We demonstrated that circulating levels of miR-155 were up-regulated in plasma derived from diabetic group patients (DG) concerning CG. Likewise, there is a trend of an increase in the DG+C group, but this is not significant. One recent study suggested that c-miR-155-5p can be used as a potential circulating biomarker for T2DM, especially, is useful, along with other inflammatory markers, to identify obese patients with a risk of developing DM2 [25]. Among multiple functions of the miR-155, highly expressed by hematopoietic cells, it is involved in innate immune response, playing a pro-inflammatory role [26,27]. Its expression is upregulated in macrophages and other immune cells upon Toll-like receptors (TLRs) activation, promoting anti-pathogen responses by suppression of negative regulators of inflammation, such as Suppressor of cytokine signaling 1 (SOCS1). Nonetheless, miR-155 expression could change depending on the different phases of inflammation [28]. Several studies described the participation of circulating miR-155 in diabetes development: a significant decrease in serum levels of miR-155 has been observed in Type 2 Diabetes Mellitus (DMT2) patients compared to healthy controls [29,30,31]. At the same time, an increase in miR-155 expression has been detected in several studies [32,33], including diabetes type 1 [34]. There is no consensus on the relationship between miR-155 expression levels and diabetic complications, but it seems that miR-155 may play a significant role in maintaining adipose tissue metabolism [35]. Our study detected a positive correlation between miR-155 expression and glucose levels in the entire population, in all diabetics, and the diabetic group adjusted by gender, BMI, and age. Moreover, including miR-155 in the model for diabetic risk assessment significantly increased this model's significance. This finding correlates with previous data, such as the up-expression of miR-155 in conditions of hyperglycemia found in both in vitro and in vivo studies [36,37]. However, we have not detected that deregulation of miR-155 has significant predictive risk value for macrovascular diabetic complication development.

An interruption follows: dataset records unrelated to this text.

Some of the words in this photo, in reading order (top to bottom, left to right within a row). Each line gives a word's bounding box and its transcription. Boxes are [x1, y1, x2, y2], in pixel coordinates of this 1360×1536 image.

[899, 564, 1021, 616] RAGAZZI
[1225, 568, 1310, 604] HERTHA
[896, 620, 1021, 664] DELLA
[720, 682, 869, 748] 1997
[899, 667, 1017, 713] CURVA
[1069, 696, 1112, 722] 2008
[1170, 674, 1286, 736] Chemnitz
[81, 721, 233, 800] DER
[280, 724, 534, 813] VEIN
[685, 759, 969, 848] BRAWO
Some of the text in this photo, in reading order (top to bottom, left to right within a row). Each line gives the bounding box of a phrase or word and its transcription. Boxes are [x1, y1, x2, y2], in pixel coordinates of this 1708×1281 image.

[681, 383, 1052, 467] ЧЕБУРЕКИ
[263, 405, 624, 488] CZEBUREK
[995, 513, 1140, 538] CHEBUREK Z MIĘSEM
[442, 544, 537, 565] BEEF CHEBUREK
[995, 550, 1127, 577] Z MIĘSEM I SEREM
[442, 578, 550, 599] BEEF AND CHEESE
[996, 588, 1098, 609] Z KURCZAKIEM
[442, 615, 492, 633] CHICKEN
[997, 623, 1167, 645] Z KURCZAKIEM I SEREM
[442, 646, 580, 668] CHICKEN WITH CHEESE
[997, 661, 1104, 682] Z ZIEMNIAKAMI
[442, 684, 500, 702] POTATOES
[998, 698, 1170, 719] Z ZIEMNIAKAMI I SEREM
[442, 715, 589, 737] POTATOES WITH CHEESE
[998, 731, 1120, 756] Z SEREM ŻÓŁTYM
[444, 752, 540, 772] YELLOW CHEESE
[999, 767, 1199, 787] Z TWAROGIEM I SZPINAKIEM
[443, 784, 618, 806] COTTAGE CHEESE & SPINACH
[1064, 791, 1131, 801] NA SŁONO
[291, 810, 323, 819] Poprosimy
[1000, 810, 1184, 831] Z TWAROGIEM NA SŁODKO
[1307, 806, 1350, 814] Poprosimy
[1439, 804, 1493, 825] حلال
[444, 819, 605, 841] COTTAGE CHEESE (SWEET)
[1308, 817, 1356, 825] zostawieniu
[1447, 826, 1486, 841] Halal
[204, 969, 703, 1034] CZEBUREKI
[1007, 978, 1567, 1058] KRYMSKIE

Previous studies reported the overexpression of miR-210 in the peripheral blood of patients with T2DM [38] and in exosomes from the serum of T2DM patients with obesity [39]. In our study, both groups of diabetics had significantly higher expression of miR-210 than the control group (Figure 1g). Moreover, we found a positive correlation of miR-210 with HbAc1 but a negative correlation with total cholesterol, LDL, and TNF-α. Then, diabetic participants were adjusted for age, gender, and BMI, and the correlation between miR-210 and TNF-α was lost. This can point out that glucose and lipid metabolisms are involved in regulating of miR-210. Previous studies have found that miR-210 expression was significantly increased in the intimae layer of diabetic patients with atherosclerosis [40] and in the aorta of the animal model of high-fat-fed rats [41]. MiR-210 has a wide range of physiological functions. It is considered a significant hypoxemia, with its expression increased under hypoxic conditions in muscles affected by peripheral artery disease [42]. miR-210 expression was significantly increased, promoting NF-κB dependent proinflammatory cytokine expression and inhibiting SOCS1 (suppressor of cytokine signaling 1), thus inducing macrophage polarization from M2 to M1 state and contributing to a fatty tissue chronic inflammation and insulin resistance that could end up in obesity-induced T2DM [43]. In this study, diabetic patients presented an improved lipid profile, which could have influenced the relationship between miR-210 expression and lipid levels (cholesterol and TG) to be contrary to that expected. Furthermore, the negative correlation between miR-210 and TNF-alpha disappeared when diabetics were adjusted for age, gender, and BMI. Furthermore, it is worth noting that in this last case, miR-210 showed a positive correlation with LPO and CAT, pointing to its possible contribution to the damage caused by diabetes. This statement is reinforced when we see that the B2 model that includes miR-210 and miR-155, LPO GRd, and BMI presents a maximum predictive value for the risk of developing diabetes (AUC=1.000, Figure 6c).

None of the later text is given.